Paper SE+PS-TuA2
Study of High Power Pulsed Magnetron Sputtering Under Differing Magnetic Field Configurations

Tuesday, October 20, 2015, 2:40 pm, Room 212A

There is an increasing demand for high quality, wear-resistant, low-friction and corrosion resistant coatings in the microelectronics, automotive, tooling and other industries. High power magnetron sputtering is a type of magnetron sputtering technique where short high power pulses are applied to the magnetron target at very low duty cycles leading to higher degree of ionization of the target material. These ionized sputtered material assist in film growth leading to more adhesive, dense, and smoother films compared to conventional DC Magnetron Sputtering (dcMS) techniques.
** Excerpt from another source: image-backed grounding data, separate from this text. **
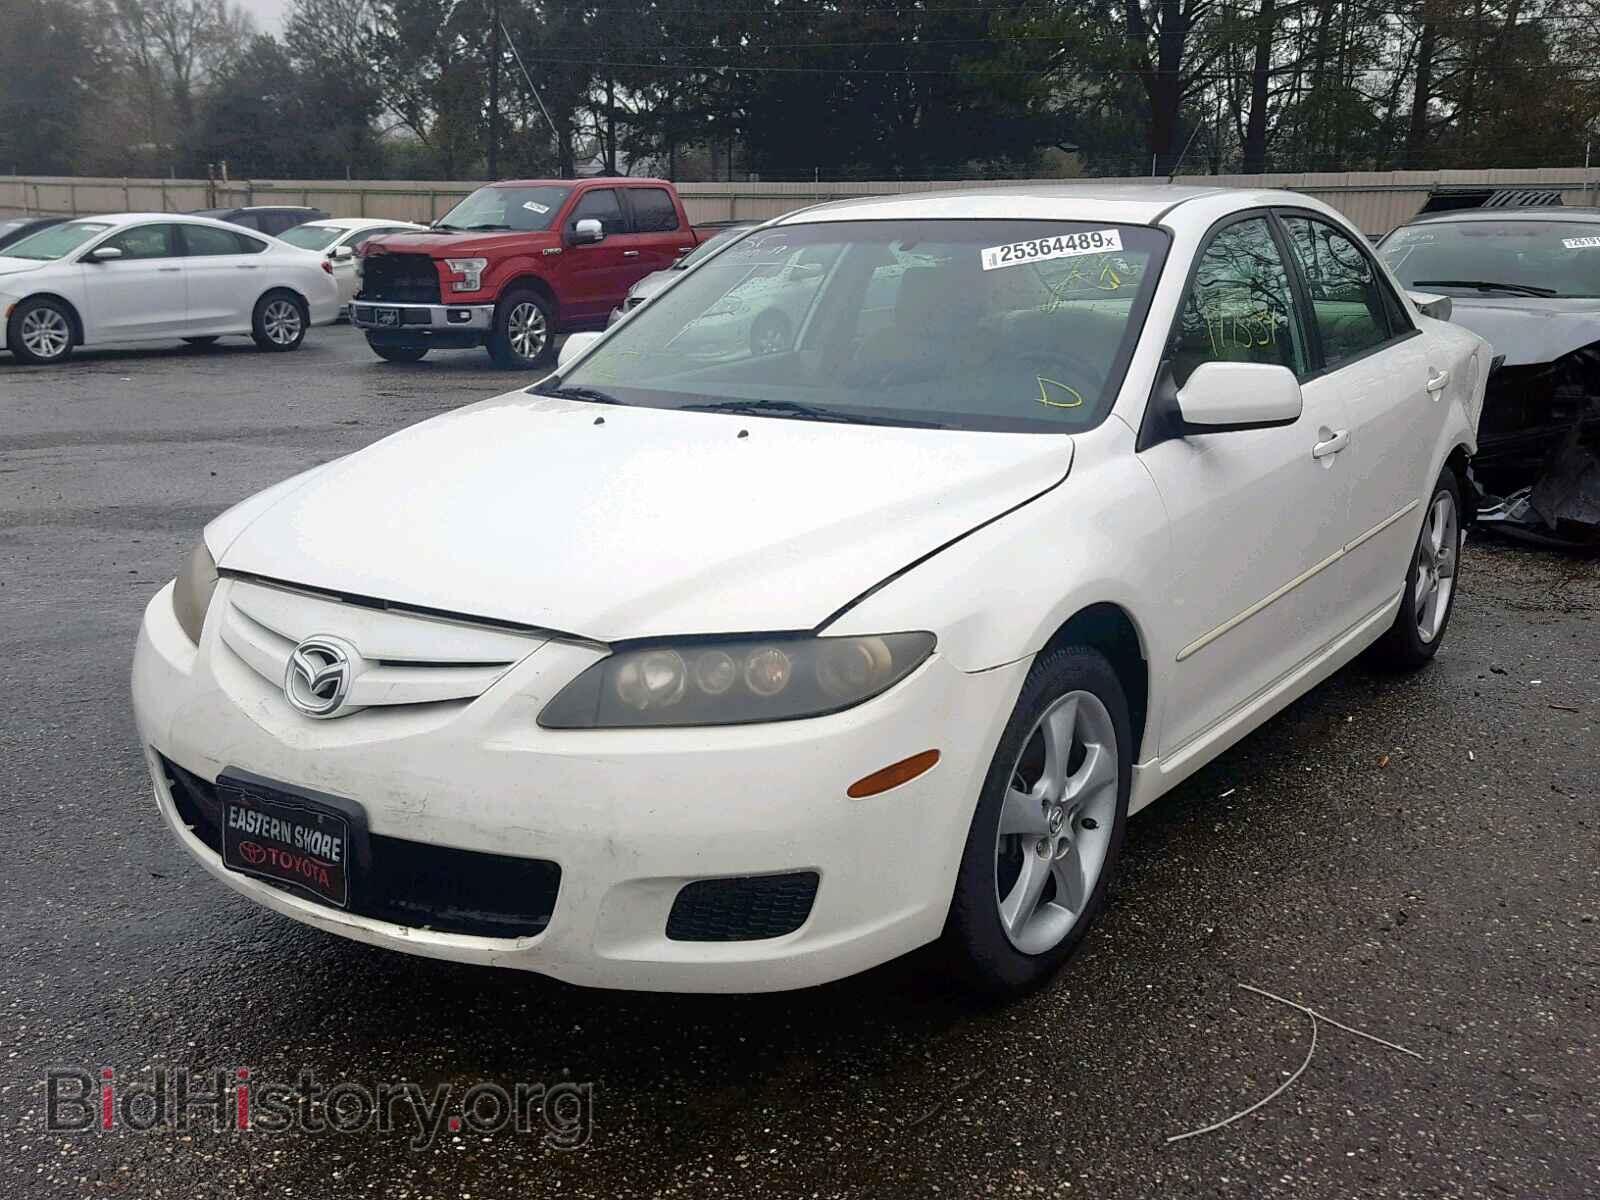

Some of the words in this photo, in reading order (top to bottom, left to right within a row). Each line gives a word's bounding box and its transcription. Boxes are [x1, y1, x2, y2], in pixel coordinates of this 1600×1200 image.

[229, 805, 291, 844] EASTERN
[294, 825, 342, 862] SHORE
[267, 847, 330, 887] TOYOTA
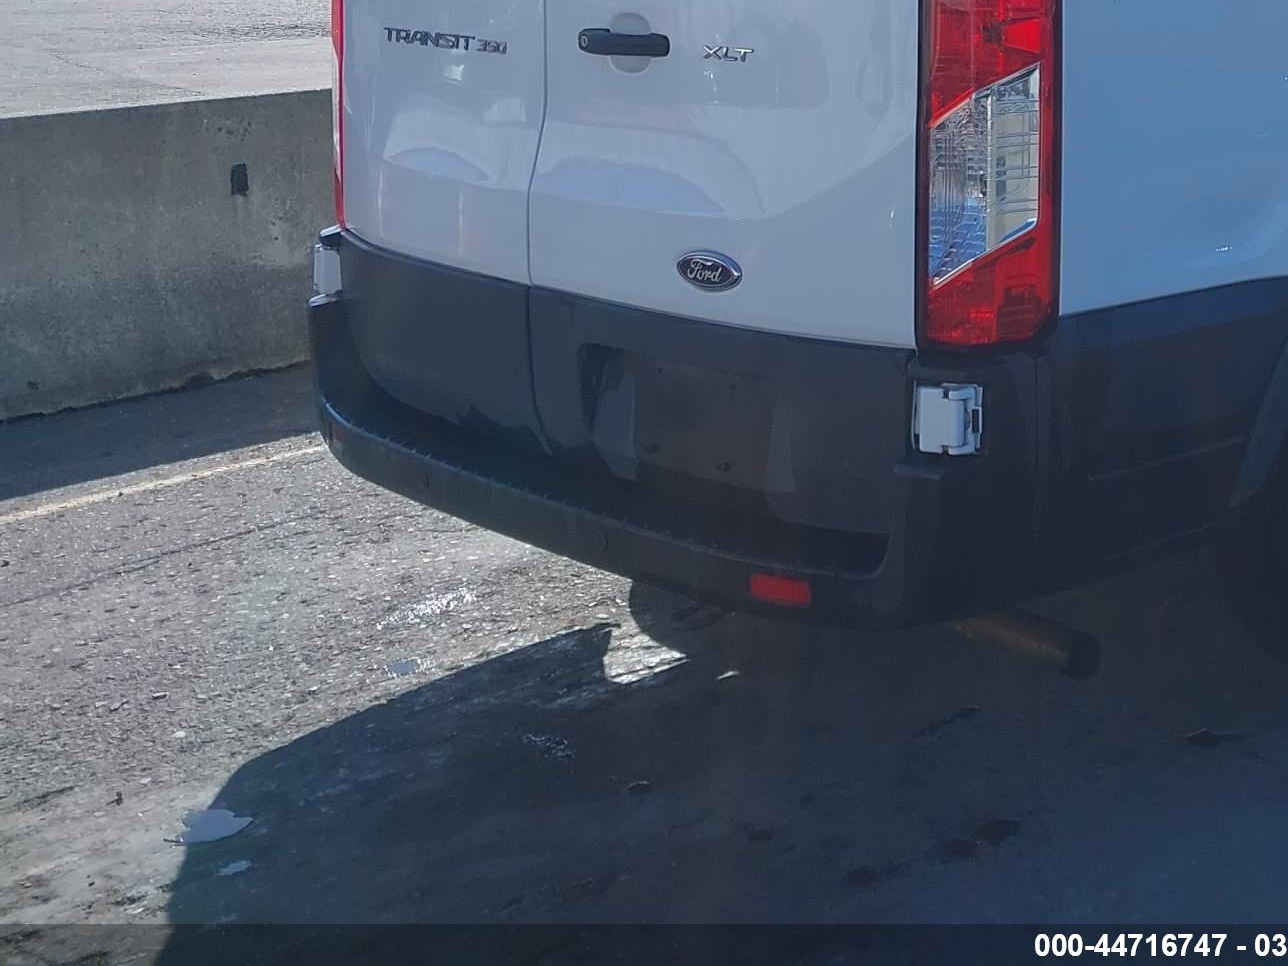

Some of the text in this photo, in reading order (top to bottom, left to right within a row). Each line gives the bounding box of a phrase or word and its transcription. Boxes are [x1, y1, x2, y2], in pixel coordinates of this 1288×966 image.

[384, 27, 475, 51] TRANSIT
[703, 44, 754, 62] XLT
[687, 258, 722, 282] Ford
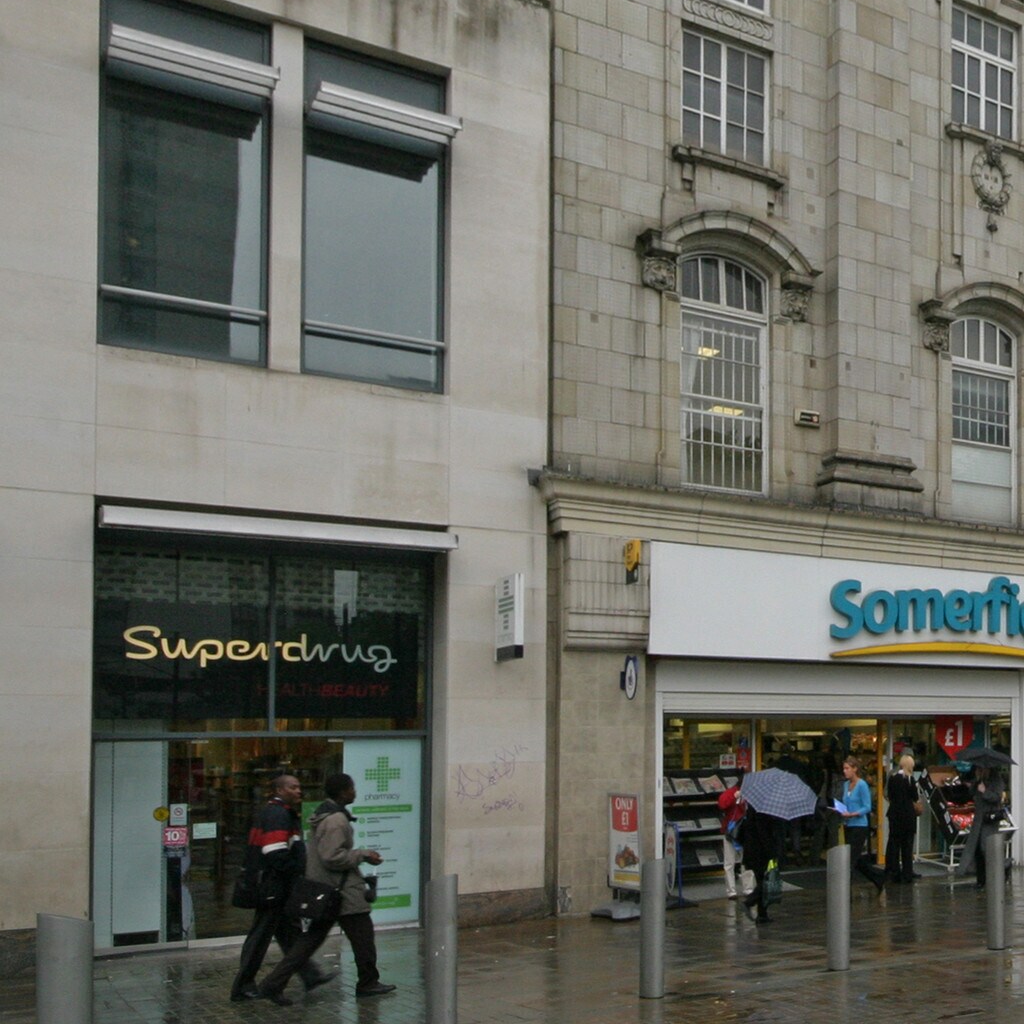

Unfortunately HPPMS suffers from lower deposition rates due to “return effect” of the ionized sputter materials [1]. Further reach of the HPPMS technology largely depends on whether it can produce deposition rates comparable or higher than dcMS. Recent studies of HPPMS discharges have shown that the magnetic field in the region above the sputter target defines the plasma properties and potential distribution in that region. The “ε” magnet pack [2] had already demonstrated increased deposition rates by carefully changing the magnetic field pattern above the target surface. Cylindrically symmetric “TriPIMS” magnet was developed based on magnetic field design solutions from “ε” magnet pack to keep the high deposition rates but improve deposition uniformity. In order to fully understand the behaviour of high current pulsed discharge in this new magnetic field configuration, TriPIMS magnet pack, was tested with Huettinger HiPIMS, Z-pulser MPP, Starfire Impulse and DC power supplies. Plasma parameters (ne, Te, ionization fraction), deposition rate, deposited film density, uniformity, and stress were measured. Reason for higher deposition rate is discussed.

[1] Papa F et al 2011 Thin Solid Films 520.5 1559-1563.

[2] Raman, Priya, et al. "High power pulsed magnetron sputtering: A method to increase deposition rate." Journal of Vacuum Science & Technology A 33.3 (2015): 031304.